Given an integer array nums, you need to determine if it's possible to split the array into two non-empty groups such that both groups have the same average.

Think of this as dividing a class of students with different test scores into two groups where both groups have identical average scores. You must move each student to exactly one of the two groups, and both groups must have at least one student.

Goal: Return true if such a split is possible, false otherwise.

Note: The average of an array is the sum of all elements divided by the length of the array.

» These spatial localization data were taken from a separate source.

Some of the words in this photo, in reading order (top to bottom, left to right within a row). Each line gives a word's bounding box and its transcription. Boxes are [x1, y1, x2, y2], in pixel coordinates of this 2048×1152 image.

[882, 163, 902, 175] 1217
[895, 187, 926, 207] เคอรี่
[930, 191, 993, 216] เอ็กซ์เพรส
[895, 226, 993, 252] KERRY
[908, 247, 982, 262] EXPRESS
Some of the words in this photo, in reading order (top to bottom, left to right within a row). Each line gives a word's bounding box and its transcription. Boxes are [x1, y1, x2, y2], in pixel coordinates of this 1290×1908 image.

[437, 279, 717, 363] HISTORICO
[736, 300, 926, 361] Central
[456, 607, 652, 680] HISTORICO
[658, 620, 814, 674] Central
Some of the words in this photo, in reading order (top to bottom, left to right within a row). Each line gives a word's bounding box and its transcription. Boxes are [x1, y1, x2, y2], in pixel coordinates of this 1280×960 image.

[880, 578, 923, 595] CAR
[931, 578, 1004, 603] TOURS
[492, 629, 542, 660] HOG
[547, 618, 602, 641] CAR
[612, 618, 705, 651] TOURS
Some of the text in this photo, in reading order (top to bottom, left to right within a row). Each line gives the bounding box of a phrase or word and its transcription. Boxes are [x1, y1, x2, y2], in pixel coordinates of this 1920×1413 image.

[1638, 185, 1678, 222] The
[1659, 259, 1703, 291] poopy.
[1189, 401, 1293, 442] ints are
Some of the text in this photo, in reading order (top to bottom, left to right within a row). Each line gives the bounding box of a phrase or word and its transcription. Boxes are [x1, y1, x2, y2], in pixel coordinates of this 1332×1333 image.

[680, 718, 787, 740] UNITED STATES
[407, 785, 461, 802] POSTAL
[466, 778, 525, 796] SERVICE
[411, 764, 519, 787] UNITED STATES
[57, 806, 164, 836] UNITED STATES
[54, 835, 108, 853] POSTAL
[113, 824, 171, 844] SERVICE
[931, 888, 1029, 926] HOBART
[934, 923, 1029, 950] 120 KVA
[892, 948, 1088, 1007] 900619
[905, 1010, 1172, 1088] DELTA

Example: For nums = [1,2,3,4,5,6,7,8], we can split into [1,4,5,8] and [2,3,6,7]. Both groups have average 4.5!

Input & Output

example_1.py — Basic Split

$ Input: [1,2,3,4,5,6,7,8]

› Output: true

💡 Note: We can split into [1,4,5,8] (sum=18, avg=4.5) and [2,3,6,7] (sum=18, avg=4.5). Both groups have the same average of 4.5.

example_2.py — Impossible Split

$ Input: [3,1]

› Output: false

💡 Note: We can only split into [3] (avg=3) and [1] (avg=1). Since 3 ≠ 1, it's impossible to achieve equal averages.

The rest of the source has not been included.